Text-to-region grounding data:
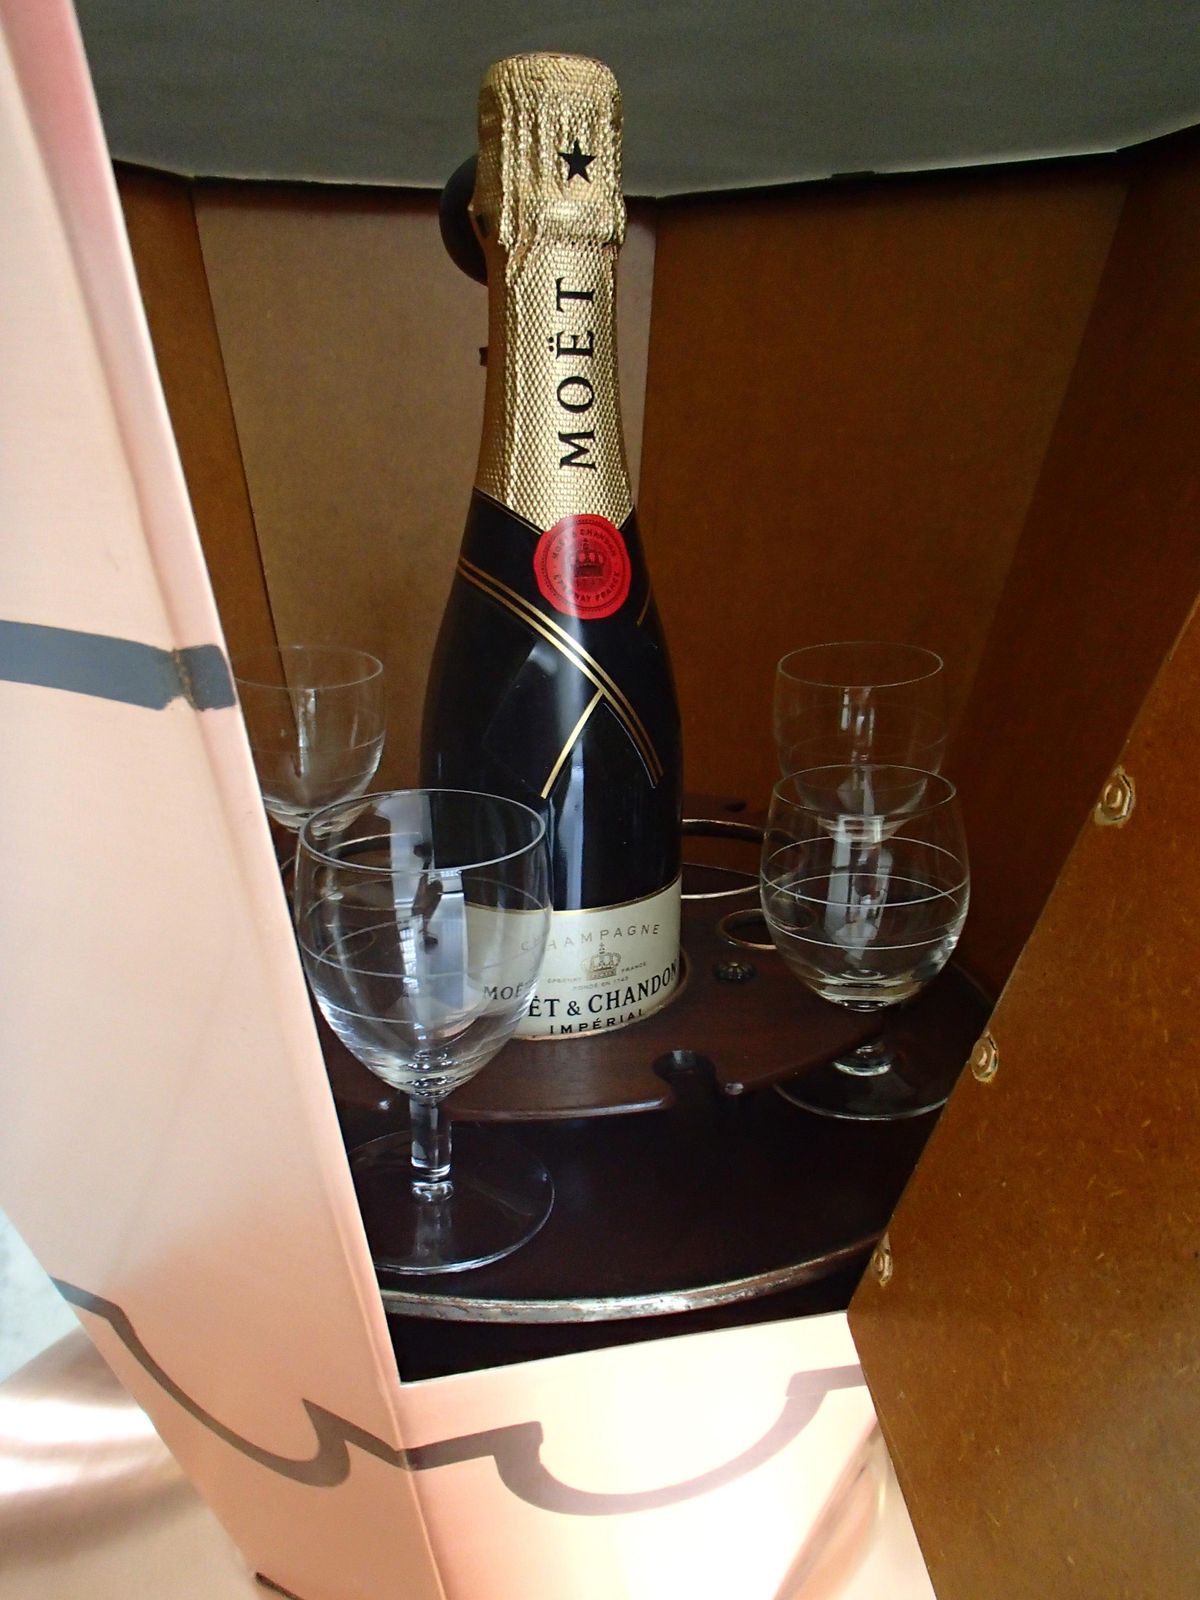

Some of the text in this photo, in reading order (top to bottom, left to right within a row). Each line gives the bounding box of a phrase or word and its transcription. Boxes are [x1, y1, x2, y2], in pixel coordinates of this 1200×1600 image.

[548, 276, 598, 471] MOËT
[520, 924, 660, 951] CHAMPAGNE
[567, 1000, 582, 1016] &
[588, 957, 677, 1014] CHANDON
[550, 1008, 646, 1034] IMPÉRIAL
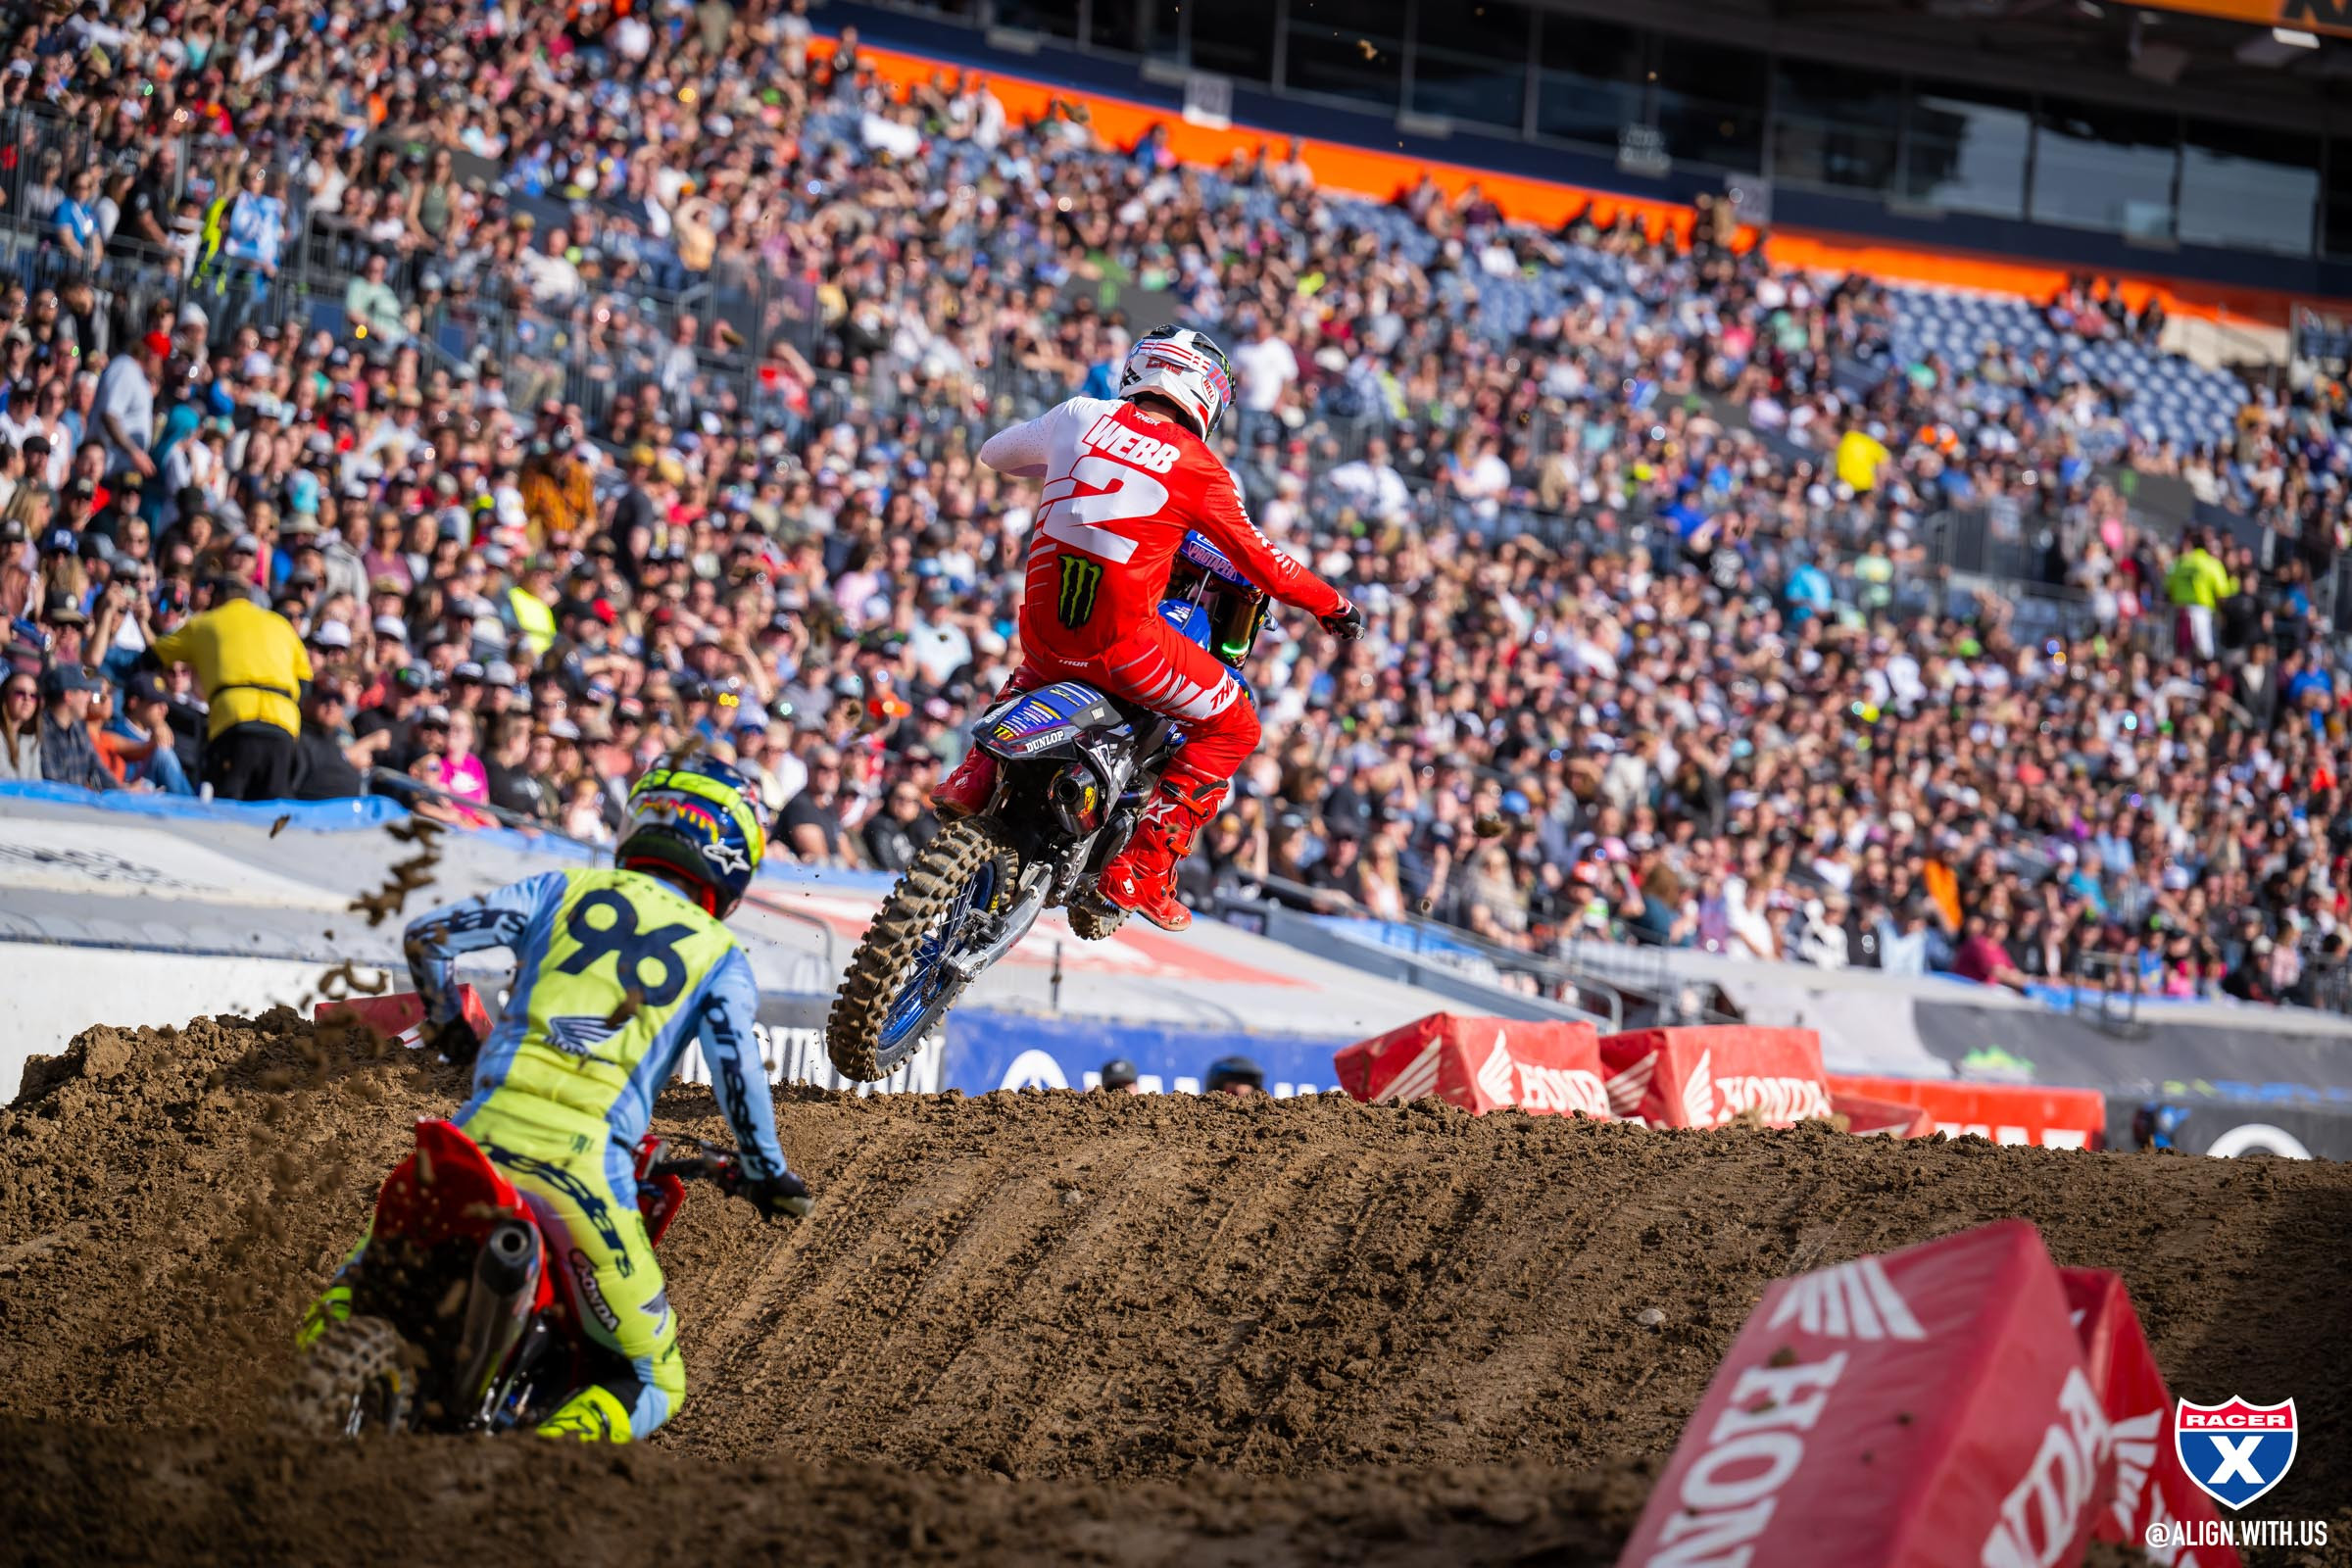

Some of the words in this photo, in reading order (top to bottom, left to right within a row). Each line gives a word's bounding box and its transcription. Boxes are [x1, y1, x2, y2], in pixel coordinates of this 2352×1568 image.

[1202, 379, 1215, 402] BELL
[1082, 415, 1181, 474] WEBB
[1040, 455, 1170, 564] 2
[1025, 730, 1064, 753] DUNLOP
[557, 888, 698, 1007] 96
[1514, 1060, 1610, 1117] HONDA
[1716, 1076, 1833, 1125] HONDA

WORK TO BE COMPLETED: Exactly as they stand in the records above, print the lines from the one containing "Some of the words" through the final line, inclusive.

SOLUTION TO THE PROBLEM:
Some of the words in this photo, in reading order (top to bottom, left to right within a row). Each line gives a word's bounding box and its transcription. Boxes are [x1, y1, x2, y2], in pixel coordinates of this 2352×1568 image.

[1202, 379, 1215, 402] BELL
[1082, 415, 1181, 474] WEBB
[1040, 455, 1170, 564] 2
[1025, 730, 1064, 753] DUNLOP
[557, 888, 698, 1007] 96
[1514, 1060, 1610, 1117] HONDA
[1716, 1076, 1833, 1125] HONDA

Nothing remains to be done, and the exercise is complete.